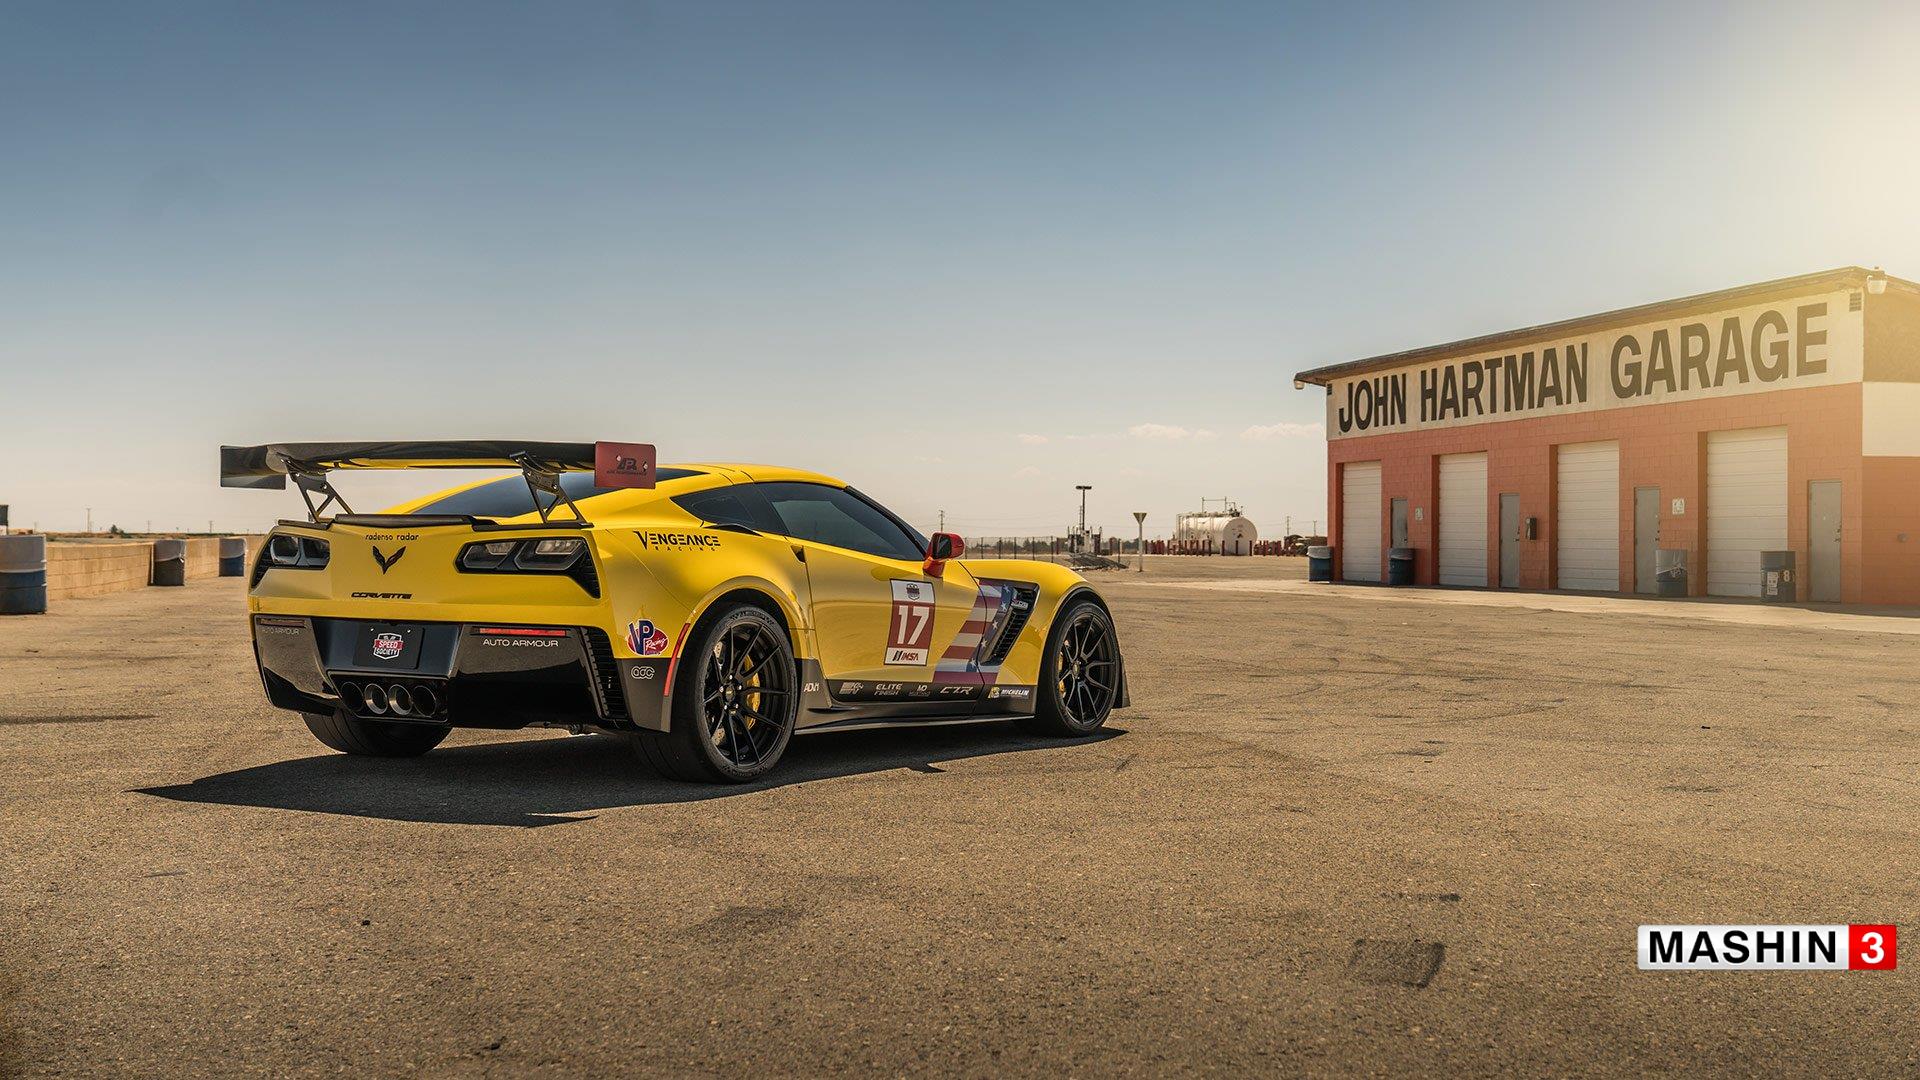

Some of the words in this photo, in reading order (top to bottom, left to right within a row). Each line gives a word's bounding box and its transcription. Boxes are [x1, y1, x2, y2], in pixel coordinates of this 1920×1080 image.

[1339, 373, 1407, 433] JOHN
[1420, 342, 1588, 423] HARTMAN
[1610, 302, 1828, 399] GARAGE
[396, 533, 419, 541] radar
[633, 530, 721, 550] VENGEANCE
[351, 592, 413, 600] CORVETTE
[897, 605, 930, 645] 17
[628, 619, 655, 655] VP
[378, 640, 399, 649] SPEED
[483, 639, 510, 647] AUTO
[512, 639, 559, 648] ARMOUR
[375, 648, 397, 656] SOCIETY
[1001, 688, 1030, 696] MICHELIN

+ + + + +

What you are asked to do:
An exact printout of the listing is needed, minus any pictures it contains.

Response to this exercise:
Some of the words in this photo, in reading order (top to bottom, left to right within a row). Each line gives a word's bounding box and its transcription. Boxes are [x1, y1, x2, y2], in pixel coordinates of this 1920×1080 image.

[1339, 373, 1407, 433] JOHN
[1420, 342, 1588, 423] HARTMAN
[1610, 302, 1828, 399] GARAGE
[396, 533, 419, 541] radar
[633, 530, 721, 550] VENGEANCE
[351, 592, 413, 600] CORVETTE
[897, 605, 930, 645] 17
[628, 619, 655, 655] VP
[378, 640, 399, 649] SPEED
[483, 639, 510, 647] AUTO
[512, 639, 559, 648] ARMOUR
[375, 648, 397, 656] SOCIETY
[1001, 688, 1030, 696] MICHELIN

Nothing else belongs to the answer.